For publication purpose, it is more attractive to work on something "new" instead of building on others.

Thus, in bioinformatics field, there are far more "new" methods papers published than refinements of previous ones. However, what claimed/appeared to be novel may not be the case under the hook, due to different terminologies used in different fields. Moreover, while it is easy to create a self-claimed "new" program, others could simply do the same. In my experience, it is well worth the effort to really understand leading programs if one is serious about getting into an informatics field: it was really revealing and exciting when I went thorough CEHS, NewHelix/FreeHelix, RNA, Curves etc. Then I know clearly what was "the start-of-the-art" of the field and how I can do better: that's exactly how 3DNA came about!

In the following sessions, I will provide details on how 3DNA calculates the two sets of parameters to quantify the relative geometry of a dinucleotide step.

Sunday, October 18, 2009

Duplicate tab function in Adobe READER 9.1 is very handy

In reading a scientific paper, one often needs to jump back and forth for referred to tables, figures and references, etc. Those days, PDF is the standard way to share an e-document, and Acroread is the norm to view its content. I used to open two copies of the same document in two instances of Acroread (or one Acroread, one xpdf) so I can read continuously in one while moving around in the other, mostly at the end for references. This works, but obviously less than ideal.

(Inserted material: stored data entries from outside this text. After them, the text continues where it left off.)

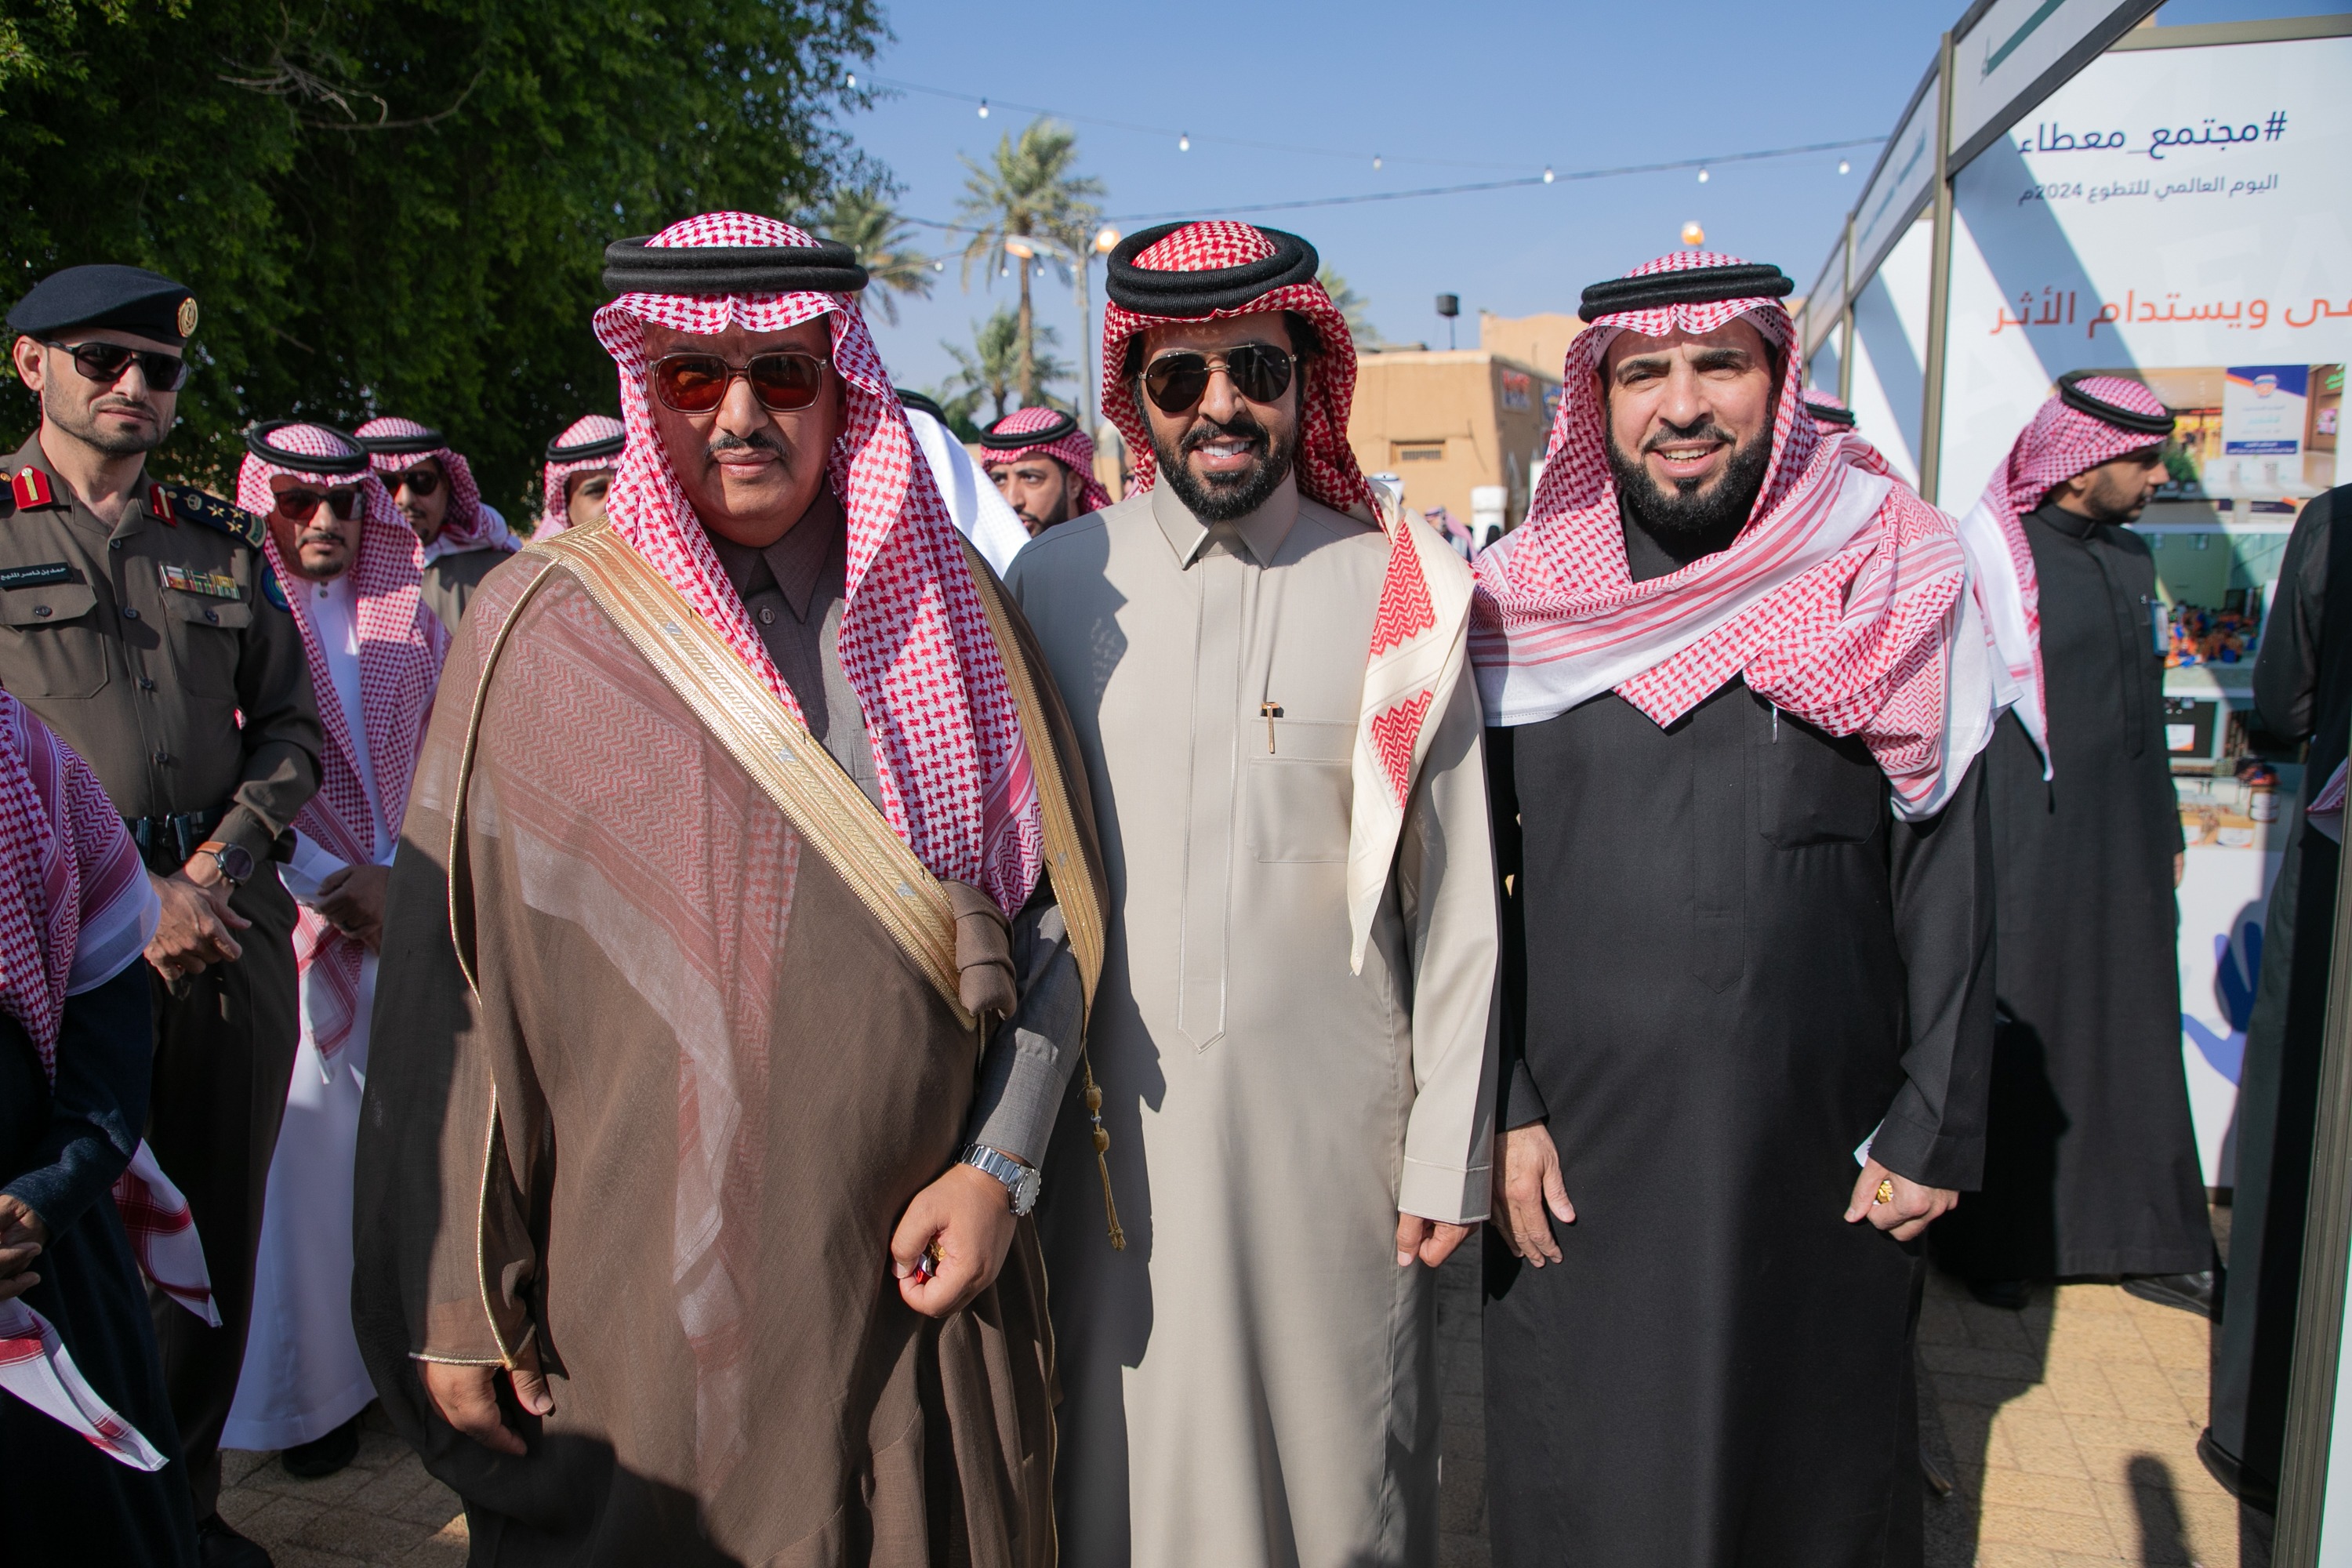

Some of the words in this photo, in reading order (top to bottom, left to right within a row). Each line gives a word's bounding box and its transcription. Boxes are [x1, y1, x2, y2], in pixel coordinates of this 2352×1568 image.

[2017, 111, 2287, 160] #مجتمع_معطاء
[2087, 180, 2149, 205] للتطوع
[2154, 176, 2225, 202] العالمي
[2229, 173, 2278, 198] اليوم
[1991, 285, 2076, 335] الأثر
[2089, 289, 2269, 339] ويستدام

One day, purely by chance, I (mouse) right-clicked the tab for the document I was viewing, and noticed that it popped up with two options: Detach Tab and Duplicate Tab. Clicking Duplicate Tab led to duplication of the same document in another tab. Actually, this process can be repeated more than once, thus allowing for multiple views of the same document simultaneously. Very neat!

Nowadays, whenever I read a scientific publication in Acroread, I often duplicate tab to have two views. It is only a click away to switch between the two. Thus when a citation is referred to in the main text, I can immediately see at the reference section what it is about.

A word of caution: I am using Ubuntu 9.04, with Acroread v9.1.2 05/25/2009. I have no idea from which version and on what platform such function was added.